Erik Steinholtz [00:09:03]: Just a quick word on fine tuning. That's something that many find very, actually very useful. So that this is an example of why we see that llama is so good to use and maybe the most fine chained model out there is. Yeah, here you see from 7 billion to 13 billion to 70 billion, how it performs over a certain test set. Now to the right, you can achieve, with fine tuning, you can achieve performance that is actually even better than what you would on this small data set with GPT four. Lo and behold. So we see that there are a lot of nuances, a lot of different ways to approach this new world. And this is something of, I wouldn't call it reference architecture, and it's actually from an investment firm called E 16 Z.

Erik Steinholtz [00:10:16]: But what we did with that is we said, okay, how would we, if we were to apply this? We could work very well in this architecture. And there are some icons there that symbolize our various components.

Erik Steinholtz [00:10:33]: If you take the example of retrieval.

Erik Steinholtz [00:10:37]: Augmented generation rag, that's very popular today, you see that's on the top, you have the data pipelines, and you have the embedding model, very important. And then you have a vector database, and you can work with a variety of embedding models. You can work with a variety of vector databases. Not the same. It's not one size fits all, fits all. Then you have the orchestration layer. Nyshane is sort of the one that I personally know best. I don't know about you, which one you tend to use.

Erik Steinholtz [00:11:14]: Then you have things like logging and LLM ops. How do you do things like detecting bad language and toxicity is of course what I was looking for there. That is really good. It's a really smart idea to actually apply some fine tuning, especially if you use Lora low rank models, because the lower rank models can be applied, let's say, on the output. So you have your main output here, and then you have a specialized tuning here. And you do the same, the large chunk of the processing only once, even though we have two different outputs. So that's one smart application of not using an excessive amount of compute when you want to monitor. We have customers also employing a playground, so you always have a sandbox where you are evaluating the latest models that are coming, because they are really coming by the day.

Erik Steinholtz [00:12:33]: So it's an important task in and of itself to have a good playground for LLM evaluation. Uphosting is of course, what we have been talking about, that you need to really have a flexible and strong way of hosting this stuff and good ways to put it into production in an automated way. Okay, so I wanted just to show you quickly how we do this is we apply. I use one of our prototypes. I think it's fun to play with rag. What if I just take as the context. Now, how many here listen to the Lex Friedman podcast? A couple of you. Okay, I really love that one.

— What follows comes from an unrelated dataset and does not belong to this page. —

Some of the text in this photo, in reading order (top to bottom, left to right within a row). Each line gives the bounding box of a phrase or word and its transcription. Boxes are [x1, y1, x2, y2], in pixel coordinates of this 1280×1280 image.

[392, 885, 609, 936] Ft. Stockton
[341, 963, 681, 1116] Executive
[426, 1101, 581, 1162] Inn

Erik Steinholtz [00:13:23]: If you haven't listened to it before, this is a strong recommendation for me to get offset. I just transcribed a couple of the initial episodes and I said, yeah, all these guys, we want to be able to ask any questions to them to what they said in the next Freeman podcast. Right? So that's what we can use an LLM for. Max Tegmach is there, my personal favorite. I'm very proud that he's from Sweden, of course. And now, since the events of this weekend, of course, we had to have great Brockman and Sam Olsen when they appeared there on the podcast as well.

Erik Steinholtz [00:14:10]: So if you have any questions to.

Erik Steinholtz [00:14:15]: What they said to Lex Friedman today, you'll be welcome. So how did I do that? It's actually not that difficult, actually. So we start with some prototypes. And this is a big library. I talked to one guy before here about shard modeling. That's one of the prototypes we have. If you want to see how you can fare with that structural time series, et cetera, we actually have a couple of prototypes on retrieval, augmented generation rag. I chose this one.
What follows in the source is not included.